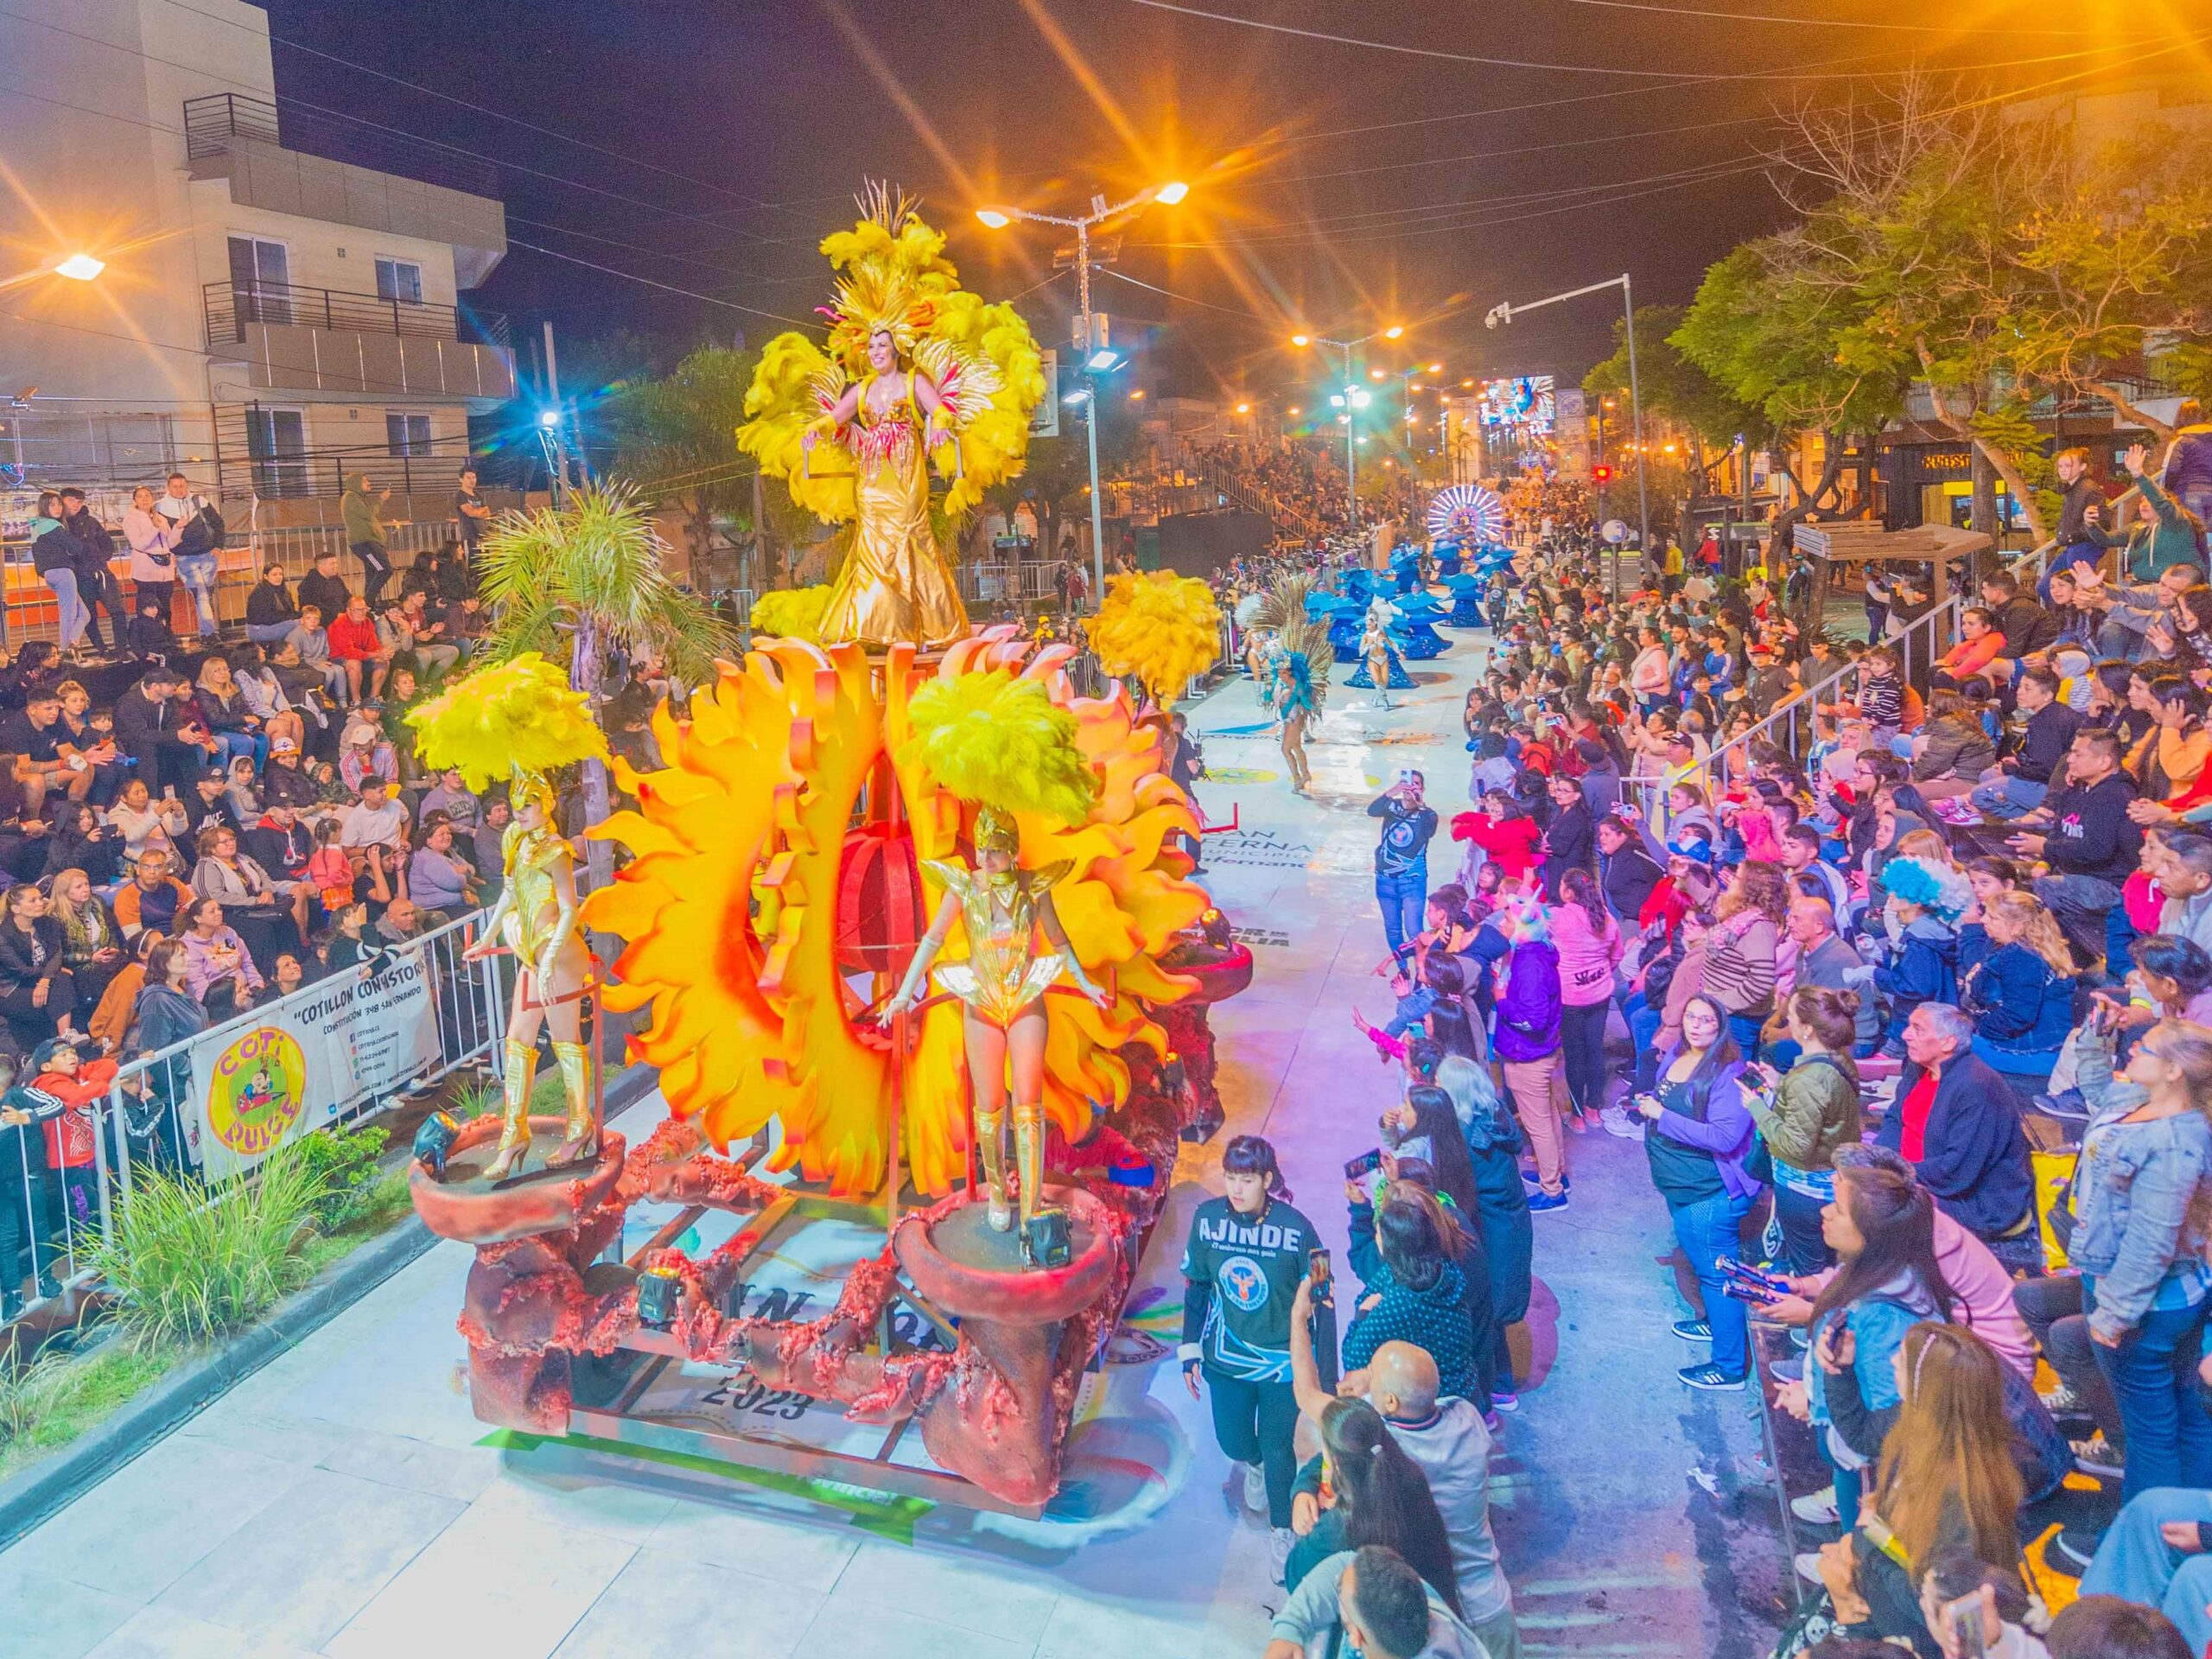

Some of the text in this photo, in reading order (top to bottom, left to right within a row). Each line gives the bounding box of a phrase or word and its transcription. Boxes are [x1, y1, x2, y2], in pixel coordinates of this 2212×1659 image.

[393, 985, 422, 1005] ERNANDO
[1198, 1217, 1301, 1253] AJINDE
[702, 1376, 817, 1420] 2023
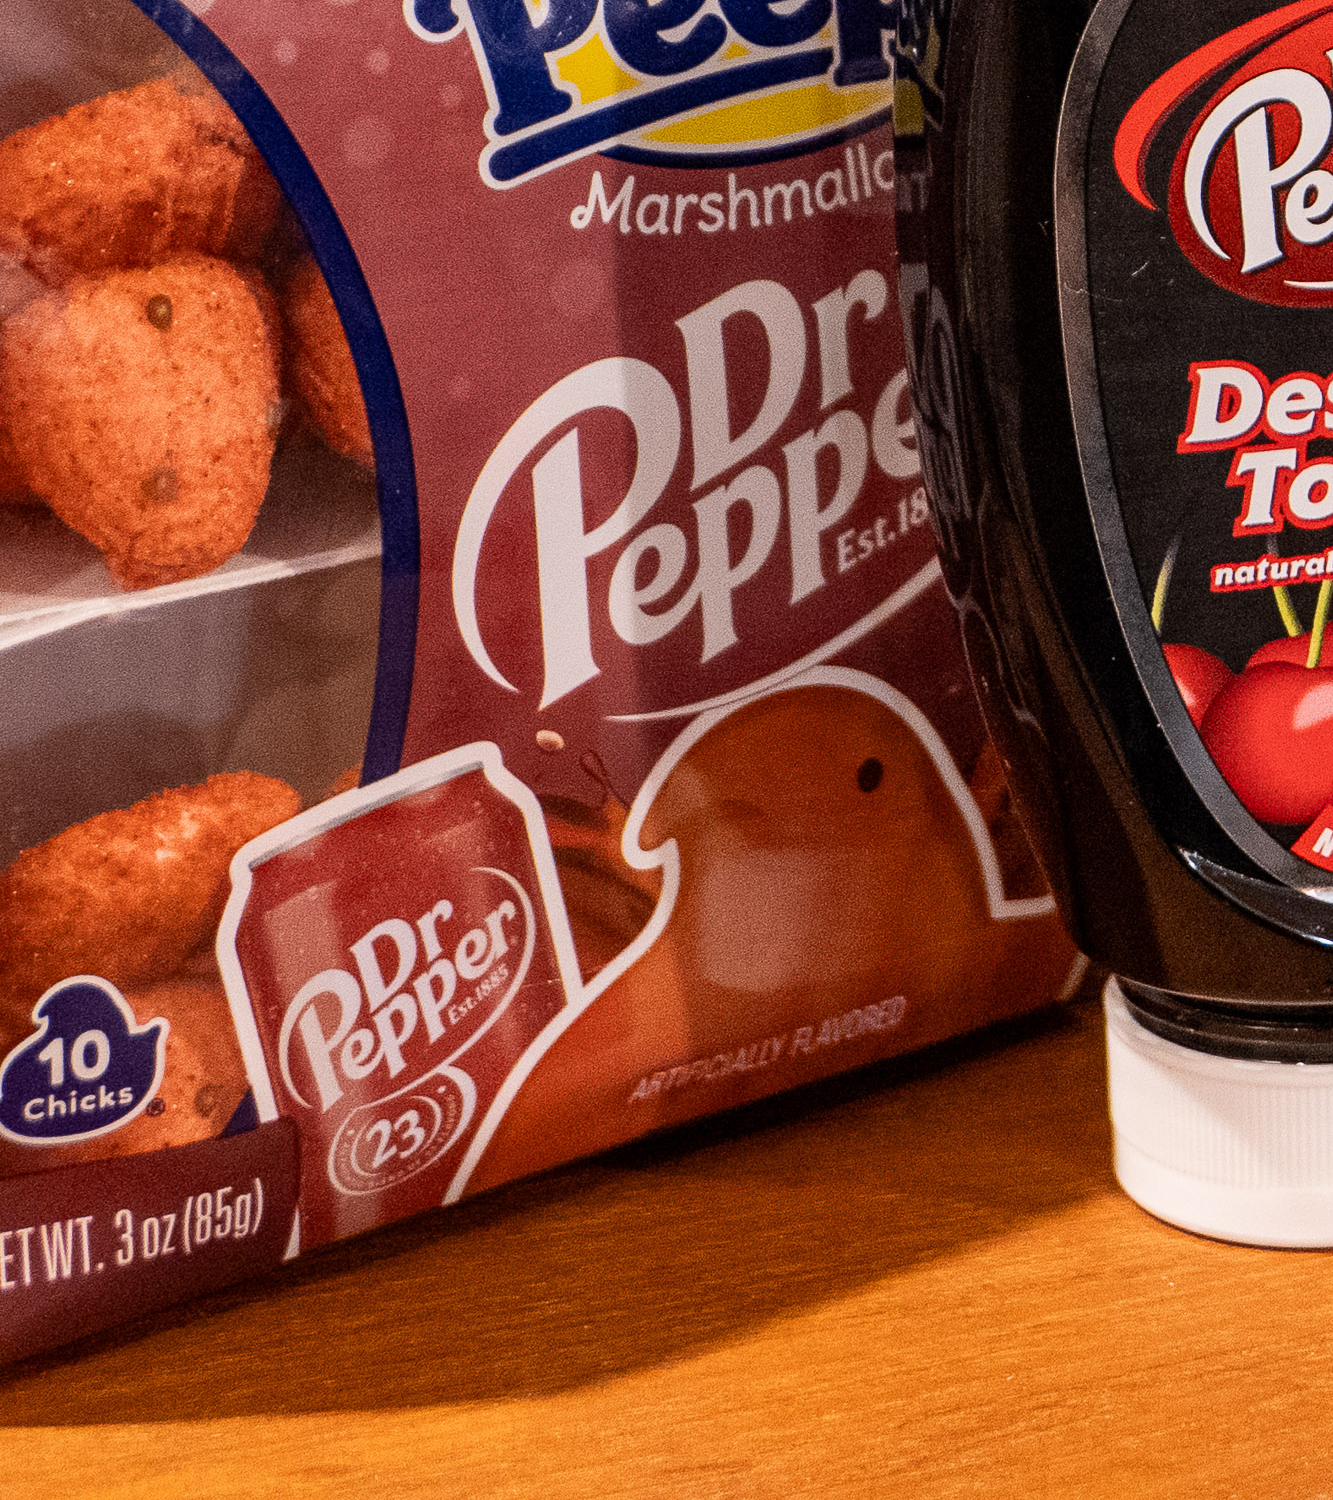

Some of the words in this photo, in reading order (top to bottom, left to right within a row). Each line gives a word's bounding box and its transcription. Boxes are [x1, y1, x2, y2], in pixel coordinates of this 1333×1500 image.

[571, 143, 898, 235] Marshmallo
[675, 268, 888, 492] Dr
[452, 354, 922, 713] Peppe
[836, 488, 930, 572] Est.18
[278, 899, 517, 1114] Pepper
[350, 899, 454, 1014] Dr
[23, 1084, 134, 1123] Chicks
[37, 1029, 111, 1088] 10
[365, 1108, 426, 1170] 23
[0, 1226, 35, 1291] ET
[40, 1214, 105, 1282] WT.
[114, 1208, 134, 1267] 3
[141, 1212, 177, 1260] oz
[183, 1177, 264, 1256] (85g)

-----

## Requirement
Print the records again exactly, without the pictures.

## Exercise solution
Some of the text in this photo, in reading order (top to bottom, left to right within a row). Each line gives the bounding box of a phrase or word and its transcription. Boxes are [x1, y1, x2, y2], in pixel coordinates of this 2212×1659 image.

[393, 985, 422, 1005] ERNANDO
[1198, 1217, 1301, 1253] AJINDE
[702, 1376, 817, 1420] 2023

Some of the words in this photo, in reading order (top to bottom, left to right within a row). Each line gives a word's bounding box and its transcription. Boxes are [x1, y1, x2, y2], in pixel coordinates of this 1333×1500 image.

[571, 143, 898, 235] Marshmallo
[675, 268, 888, 492] Dr
[452, 354, 922, 713] Peppe
[836, 488, 930, 572] Est.18
[278, 899, 517, 1114] Pepper
[350, 899, 454, 1014] Dr
[23, 1084, 134, 1123] Chicks
[37, 1029, 111, 1088] 10
[365, 1108, 426, 1170] 23
[0, 1226, 35, 1291] ET
[40, 1214, 105, 1282] WT.
[114, 1208, 134, 1267] 3
[141, 1212, 177, 1260] oz
[183, 1177, 264, 1256] (85g)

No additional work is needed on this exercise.